KPMG Corporate Finance geht davon aus, dass die Globalisierung weiter eine starke Triebfeder für Unternehmenstransaktionen sein wird, wobei diese sich sehr unterschiedlich in den einzelnen Branchen entwickeln werden. Thomas Ehren: "Einige Märkte sind bereits stark konsolidiert, so dass aus wettbewerbsrechtlichen Gründen Unternehmenszusammenschlüsse nur noch schwer umgesetzt werden können." Die Untersagung der Fusion General Electric und Honeywell seitens der europäischen Wettbewerbsbehörden - trotz Genehmigung durch die US-Behörden - ist dafür ein Beleg.

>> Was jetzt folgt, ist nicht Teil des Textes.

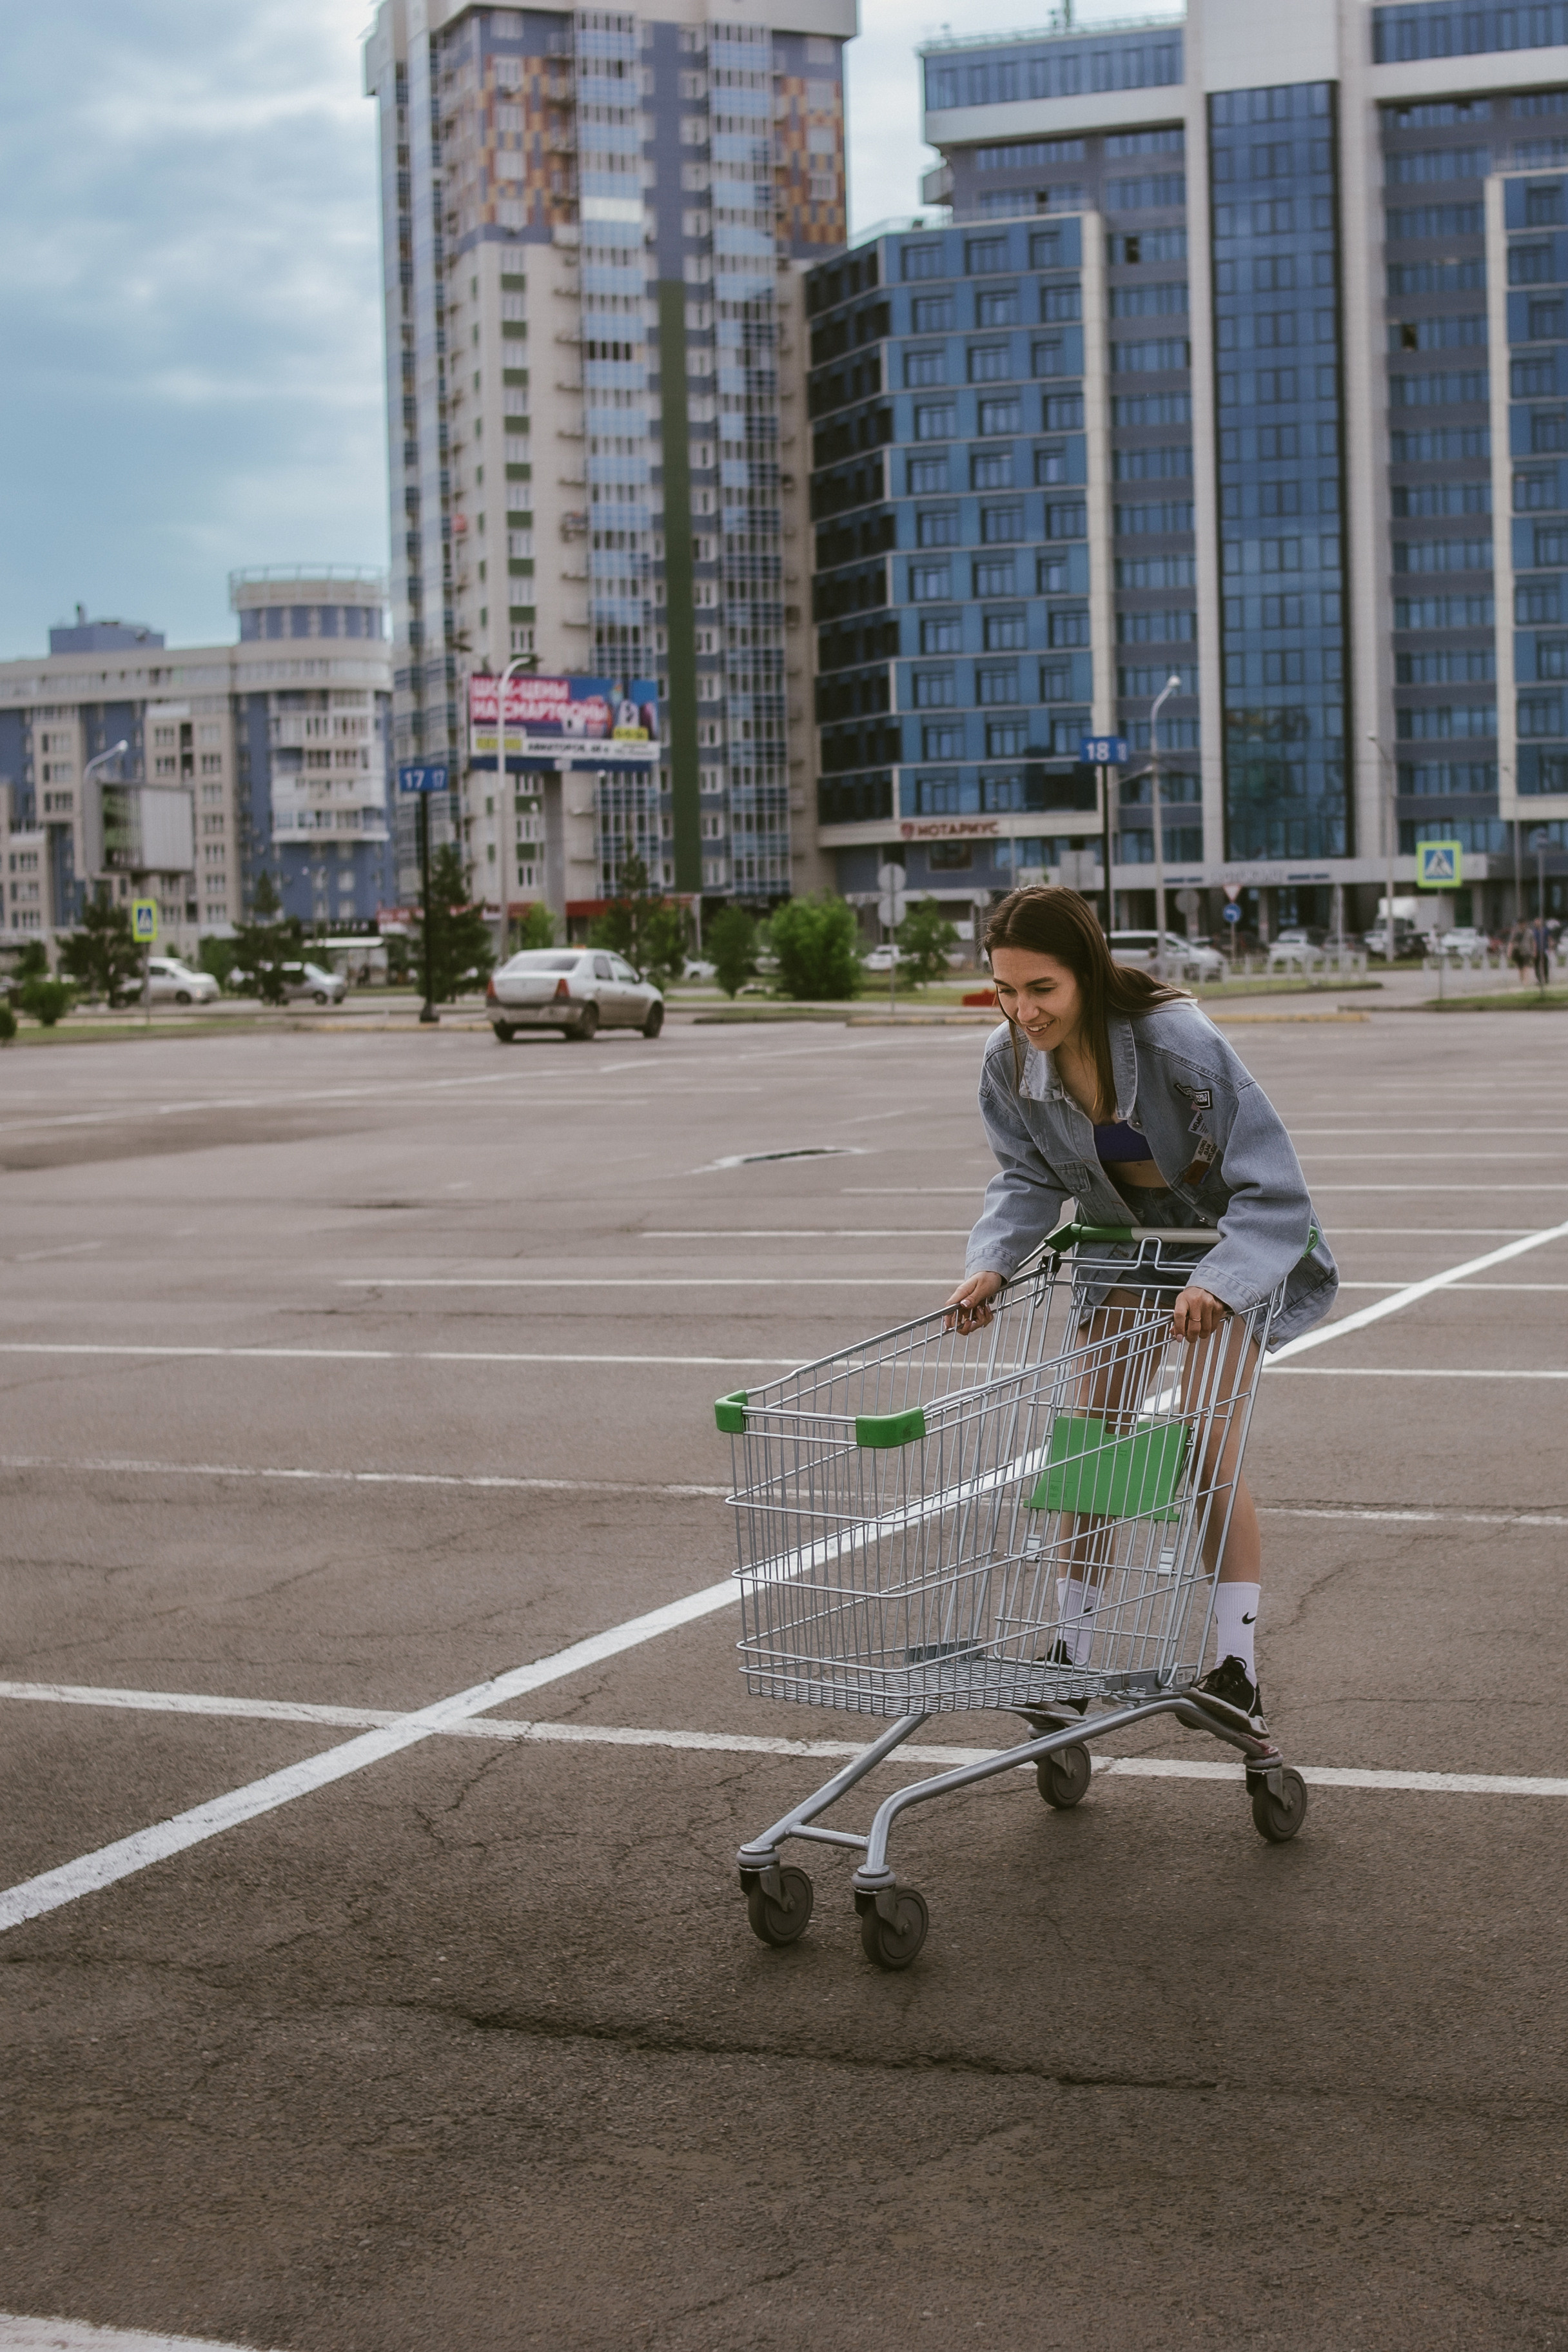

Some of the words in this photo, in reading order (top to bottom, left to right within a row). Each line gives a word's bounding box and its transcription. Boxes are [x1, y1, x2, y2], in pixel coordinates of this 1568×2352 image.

[1088, 741, 1109, 761] 18
[405, 770, 425, 788] 17
[917, 821, 999, 836] НОТАРИУС

Ehren: "Wir sind immer stärker in Voruntersuchungen involviert, um die Machbarkeit einer Transaktion bezüglich wettbewerbsrechtlicher Einschränkungen zu überprüfen."

Ein weiterer nachhaltiger Trend sei die Fokussierung auf das Kerngeschäft. "Hier erwarten wir in Deutschland aufgrund der Steuerreform eine Portfolio-Bereinigung im Beteiligungsbereich der Konzerne. Zudem werden im Versicherungs- und Bankenbereich die Überkreuzbeteiligungen aufgelöst. Nach den Portfolio-Bereinigungen, der Einführung des Übernahmegesetzes sowie weiterer Reformen hin zu internationalen Kapitalmarktstrukturen hat Deutschland gute Chancen, wieder ein äußerst begehrter Zielmarkt für Direktinvestitionen zu werden," so Ehren abschließend.